A Knight's Journey
Time Limit: 1000MS | Memory Limit: 65536K | |
Total Submissions: 48296 | Accepted: 16393 |
Description

The knight is getting bored of seeing the same black and white squares again and again and has decided to make a journey
around the world. Whenever a knight moves, it is two squares in one direction and one square perpendicular to this. The world of a knight is the chessboard he is living on. Our knight lives on a chessboard that has a smaller area than a regular 8 * 8 board, but it is still rectangular. Can you help this adventurous knight to make travel plans?
Problem
Find a path such that the knight visits every square once. The knight can start and end on any square of the board.
Input
The input begins with a positive integer n in the first line. The following lines contain n test cases. Each test case consists of a single line with two positive integers p and q, such that 1 <= p * q <= 26. This represents a p * q chessboard, where p describes how many different square numbers 1, . . . , p exist, q describes how many different square letters exist. These are the first q letters of the Latin alphabet: A, . . .
Output
The output for every scenario begins with a line containing "Scenario #i:", where i is the number of the scenario starting at 1. Then print a single line containing the lexicographically first path that visits all squares of the chessboard with knight moves followed by an empty line. The path should be given on a single line by concatenating the names of the visited squares. Each square name consists of a capital letter followed by a number.
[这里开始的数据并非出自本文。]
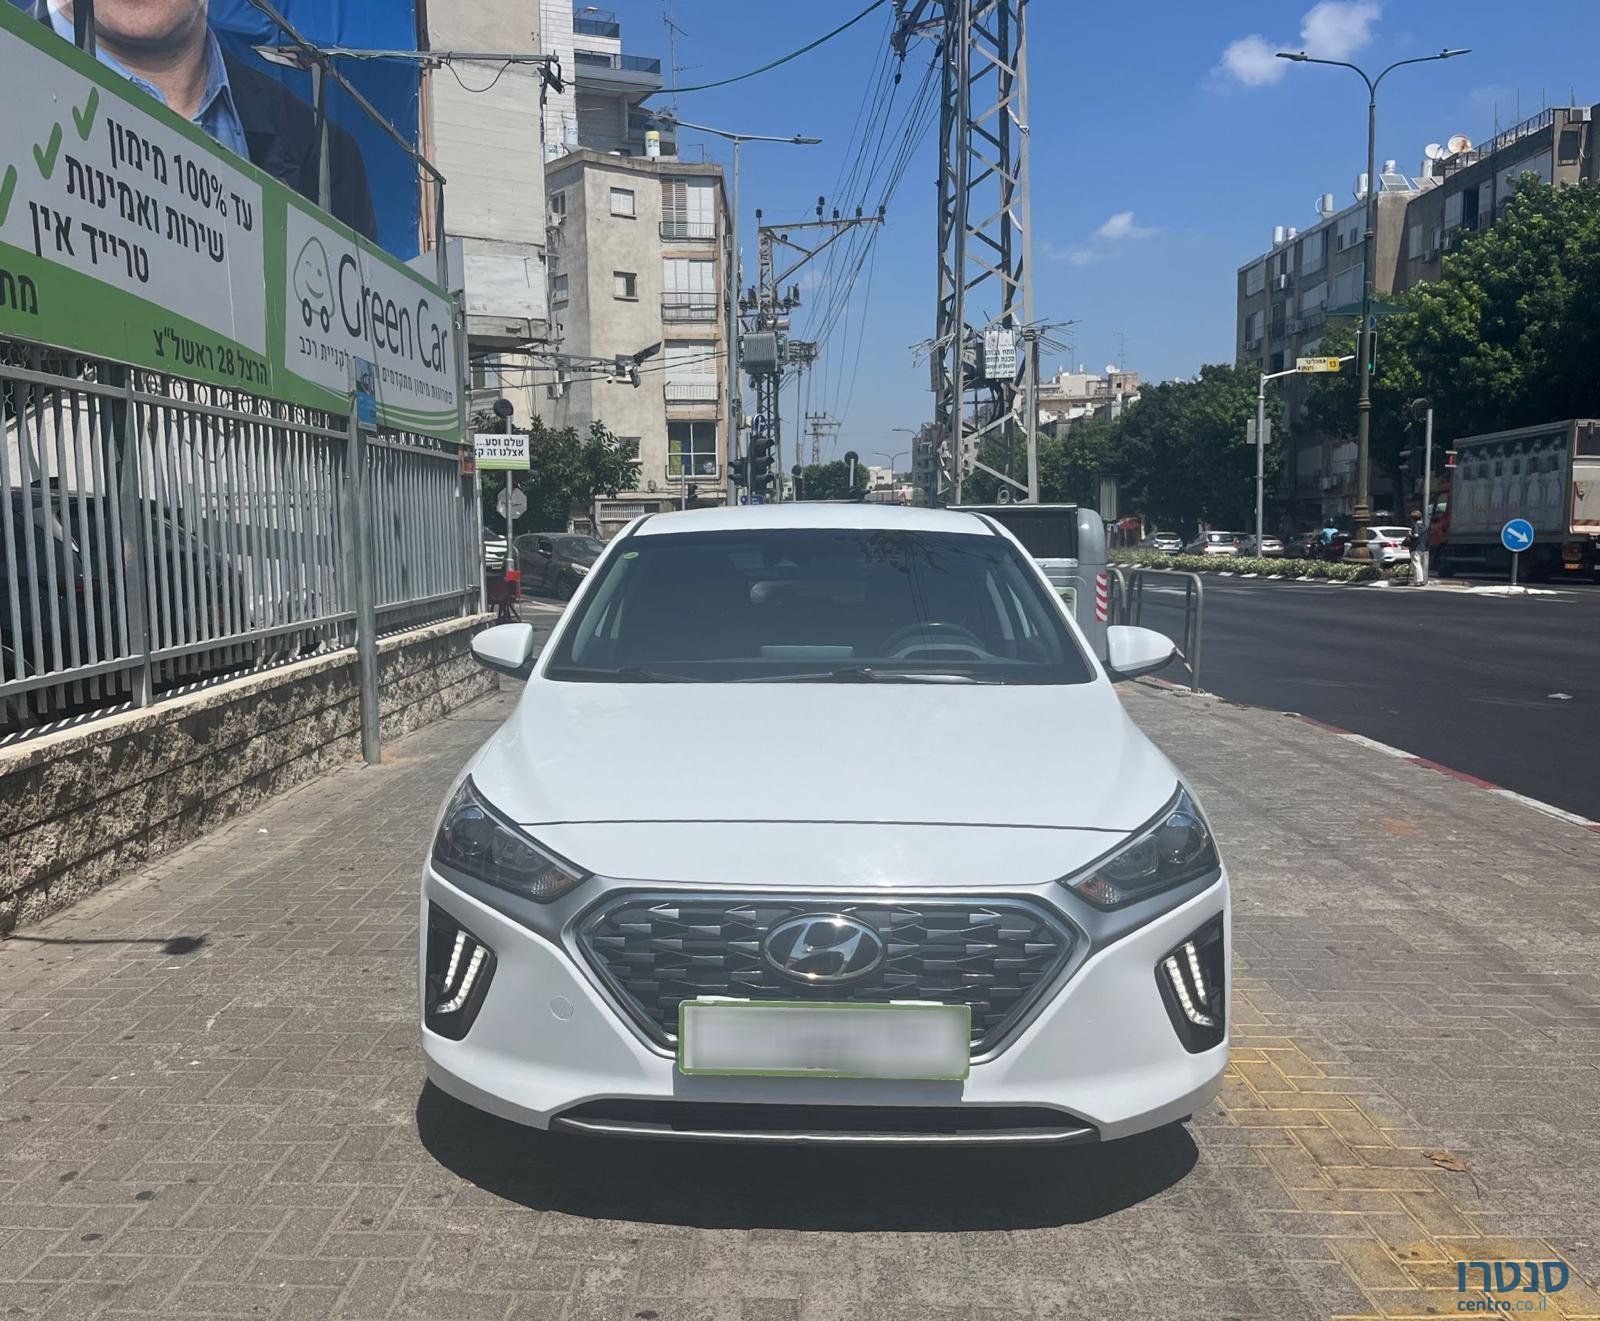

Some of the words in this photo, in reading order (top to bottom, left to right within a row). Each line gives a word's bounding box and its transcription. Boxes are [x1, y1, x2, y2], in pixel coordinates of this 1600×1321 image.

If no such path exist, you should output impossible on a single line.
If no such path exist, you should output impossible on a single line.
Sample Input
3 1 1 2 3 4 3
Sample Output
Scenario #1: A1 Scenario #2: impossible Scenario #3: A1B3C1A2B4C2A3B1C3A4B2C4
Source
TUD Programming Contest 2005, Darmstadt, Germany
代码:
dfs+字典排序(方向!dfs过程!)
#include<cstdio>
#include<cstring>
using namespace std;
int dx[8]={-1,1,-2,2,-2,2,-1,1};
int dy[8]={-2,-2,-1,-1,1,1,2,2};
struct node
{
int x;
int y;
} a[111];
int vis[1111][1111];
int t,p,q;
int flag;
void dfs(int x,int y,int step)
{
vis[x][y]=1;
a[step].x=x;
a[step].y=y+'A'-1;
if(step==p*q)
{
flag=1;
return ;
}
for(int i=0; i<8; i++)
{
int nex=x+dx[i];
int ney=y+dy[i];
if(nex>=1&&nex<=p&&ney>=1&&ney<=q&&vis[nex][ney]==0&&!flag)
{
dfs(nex,ney,step+1);//看下一个位置
vis[nex][ney]=0;//撞完南墙回到这里,把刚用过的数字收回
}
}
// vis[x][y]=0;
}
int main()
{
scanf("%d",&t);
for(int i=1; i<=t; i++)
{
flag=0;
scanf("%d%d",&p,&q);
memset(vis,0,sizeof(vis));
dfs(1,1,1);
printf("Scenario #%d:\n",i);
if(flag)
{
for(int i=1; i<=p*q; i++)
{
printf("%c%d",a[i].y,a[i].x);
}
printf("\n");
}
else
{
printf("impossible\n");
}
if(i!=t)
printf("\n");
}
}